Spatial localization data
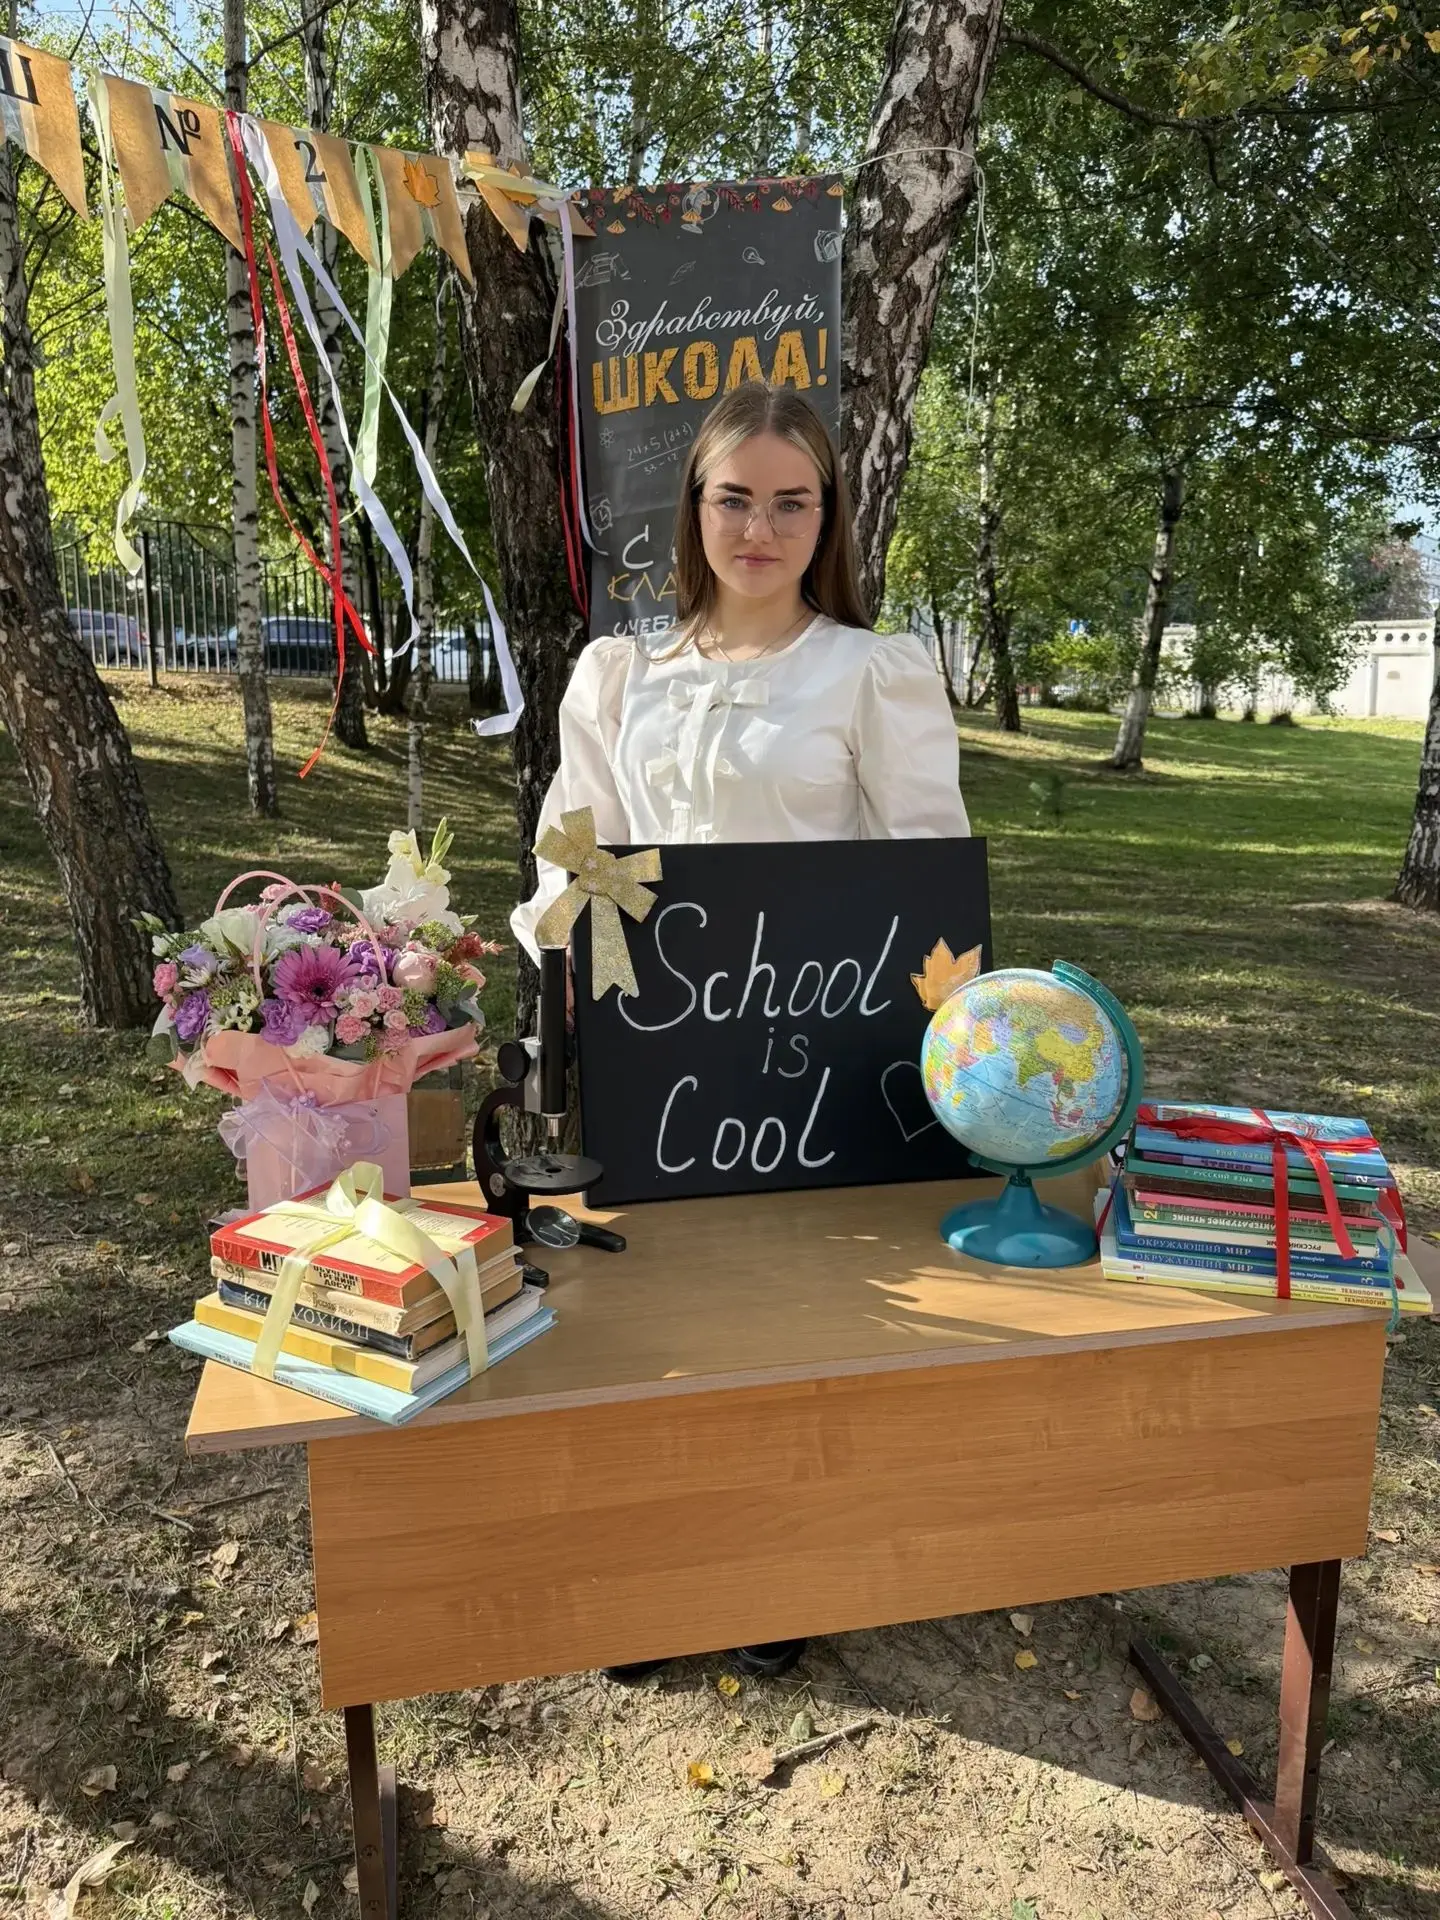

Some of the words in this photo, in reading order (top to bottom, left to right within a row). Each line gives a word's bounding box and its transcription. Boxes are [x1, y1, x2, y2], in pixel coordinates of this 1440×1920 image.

[295, 140, 327, 183] 2
[595, 288, 824, 358] Здравствуй,
[591, 328, 828, 416] ШКОЛА!
[607, 571, 677, 602] КЛА
[617, 902, 900, 1031] School
[761, 1027, 809, 1078] is
[656, 1067, 836, 1173] Cool
[1193, 1169, 1231, 1180] РУССКИЙ
[1143, 1209, 1159, 1220] 2
[1135, 1252, 1222, 1269] ОКРУЖАЮЩИЙ
[1226, 1262, 1254, 1272] МИР
[1136, 1239, 1222, 1254] ОКРУЖАЮЩИЙ
[1225, 1246, 1252, 1256] МИР
[324, 1279, 353, 1291] ДОСУГ
[1340, 1287, 1384, 1297] ТЕХНОЛОГИЯ
[243, 1291, 369, 1340] ПСИХОЛИЯ
[1344, 1296, 1387, 1306] ТЕХНОЛОГИЯ

Description of the task:
Print the data word for word and omit the pictures.

Solution for this exercise:
Some of the words in this photo, in reading order (top to bottom, left to right within a row). Each line gives a word's bounding box and its transcription. Boxes are [x1, y1, x2, y2], in pixel coordinates of this 1440×1920 image.

[295, 140, 327, 183] 2
[595, 288, 824, 358] Здравствуй,
[591, 328, 828, 416] ШКОЛА!
[607, 571, 677, 602] КЛА
[617, 902, 900, 1031] School
[761, 1027, 809, 1078] is
[656, 1067, 836, 1173] Cool
[1193, 1169, 1231, 1180] РУССКИЙ
[1143, 1209, 1159, 1220] 2
[1135, 1252, 1222, 1269] ОКРУЖАЮЩИЙ
[1226, 1262, 1254, 1272] МИР
[1136, 1239, 1222, 1254] ОКРУЖАЮЩИЙ
[1225, 1246, 1252, 1256] МИР
[324, 1279, 353, 1291] ДОСУГ
[1340, 1287, 1384, 1297] ТЕХНОЛОГИЯ
[243, 1291, 369, 1340] ПСИХОЛИЯ
[1344, 1296, 1387, 1306] ТЕХНОЛОГИЯ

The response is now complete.